Wednesday, February 13, 2013

Newtons law of heating and cooling

Newton's Law of Cooling states that the rate of change of the temperature of an object is proportional to the difference between its own temperature and the ambient temperature (i.e. the temperature of its surroundings).

Newton's Law makes a statement about an instantaneous rate of change of the temperature. We will see that when we translate this verbal statement into a differential equation, we arrive at a differential equation. The solution to this equation will then be a function that tracks the complete record of the temperature over time. Newton's Law would enable us to solve the following problem.

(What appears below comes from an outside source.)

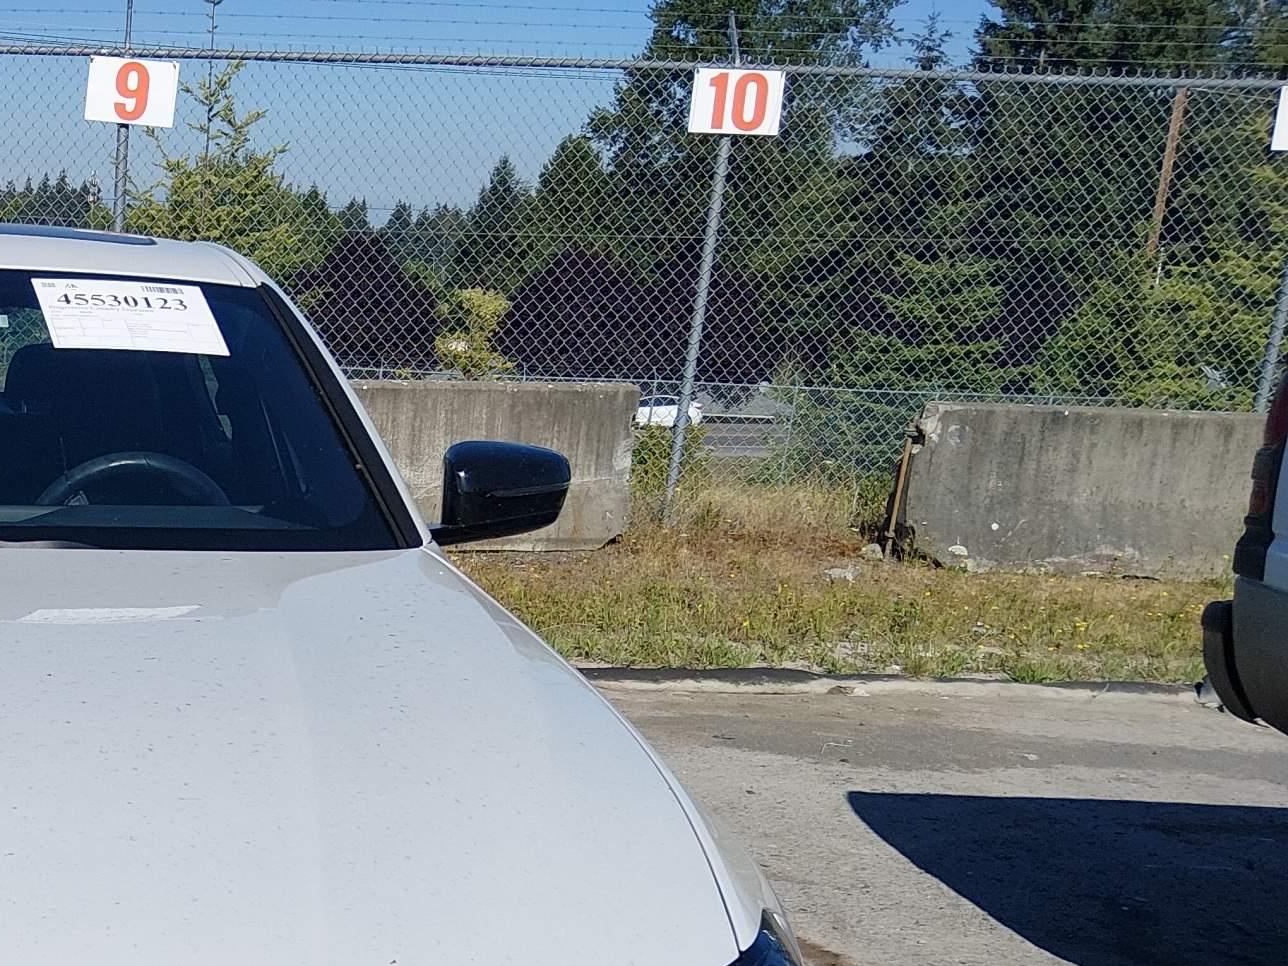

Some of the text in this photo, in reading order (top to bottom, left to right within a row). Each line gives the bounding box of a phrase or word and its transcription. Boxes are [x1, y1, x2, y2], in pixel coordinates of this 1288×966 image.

 Example 1: The Big Pot of Soup As part of his summer job at a restaurant, Jim learned to cook up a big pot of soup late at night, just before closing time, so that there would be plenty of soup to feed customers the next day. He also found out that, while refrigeration was essential to preserve the soup overnight, the soup was too hot to be put directly into the fridge when it was ready. (The soup had just boiled at 100 degrees C, and the fridge was not powerful enough to accommodate a big pot of soup if it was any warmer than 20 degrees C). Jim discovered that by cooling the pot in a sink full of cold water, (kept running, so that its temperature was roughly constant at 5 degrees C) and stirring occasionally, he could bring that temperature of the soup to 60 degrees C in ten minutes. How long before closing time should the soup be ready so that Jim could put it in the fridge and leave on time ?


Solution: Let us summarize the information briefly and define notation for this problem.
Let
$ T(t) $ = Temperature of the soup at time t (in min).
$ T(0)=T_o $ = Initial Temperature of the soup =100 deg.
$ T_a $ = Ambient temperature (temp of water in sink) = 5 deg .


Given: The rate of change of the temperature $ dT/dt $ , is (by Newton's Law of Cooling equation) proportional to the difference between the temperature of the soup $ T(t) $ and the ambient temperature $ T_a $ This means that:

\[  \frac{dT}{dt} {\rm~ is~ proportional~ to~} (T - T_a).  \]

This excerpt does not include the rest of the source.